Humans naturally communicate through abstract concepts like "mood". However, current image editing benchmarks focus primarily on explicit, literal commands, leaving abstract instructions largely underexplored. In this work, we first formalize the definition and taxonomy of abstract image editing. To measure instruction-following in this challenging domain, we introduce Entity-Rubrics, a framework that breaks down abstract edits into individual, entity-level assessments and achieves strong correlation with human judgment. Alongside this framework, we contribute AbstractEdit, the first benchmark dedicated to abstract image editing across diverse real-world scenes.
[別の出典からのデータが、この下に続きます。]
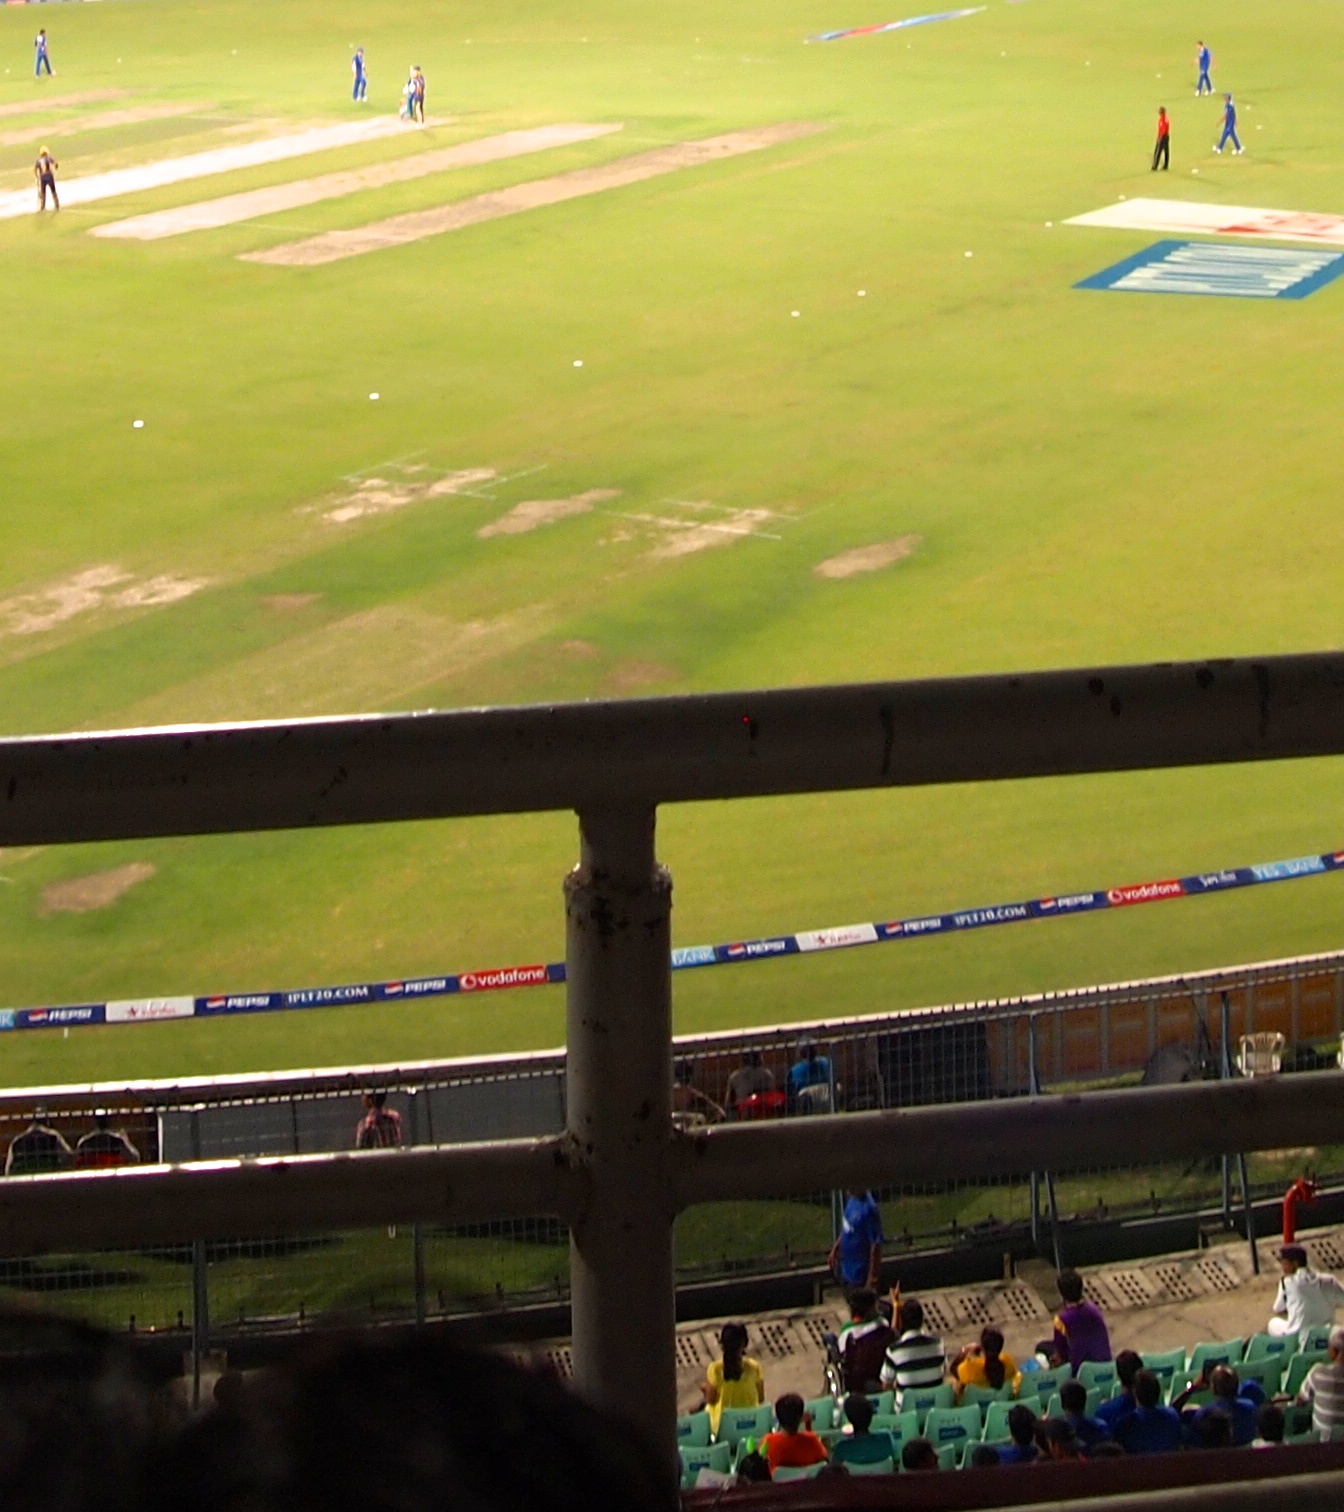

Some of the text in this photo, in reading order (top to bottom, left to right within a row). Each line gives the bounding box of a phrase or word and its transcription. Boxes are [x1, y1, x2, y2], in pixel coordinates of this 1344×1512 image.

[1058, 894, 1094, 908] PEPSI
[903, 919, 941, 932] PEPSI
[747, 941, 785, 954] PEPSI
[478, 969, 545, 986] vodafone
[402, 980, 446, 993] PEPSI
[227, 995, 270, 1008] PEPSI
[288, 987, 369, 1004] IPLT20.COM
[47, 1009, 92, 1021] PEPSI
Evaluating 11 leading models on this dataset reveals a fundamental challenge: standard architectures struggle to balance intent and preservation, commonly defaulting to under-editing or over-editing. Our analysis demonstrates that driving meaningful improvements relies heavily on integrating advanced LLM text encoders and iterative thinking. Looking forward, our entity-based paradigm can generalize beyond assessment to serve as a reward model, enable models to correctly interpret abstract communication, or highlight specific failures in test-time critique loops. Ultimately, we hope this work serves as a stepping stone toward seamless multimodal interaction, closing the gap between rigid machine execution and the natural, open-ended way humans communicate.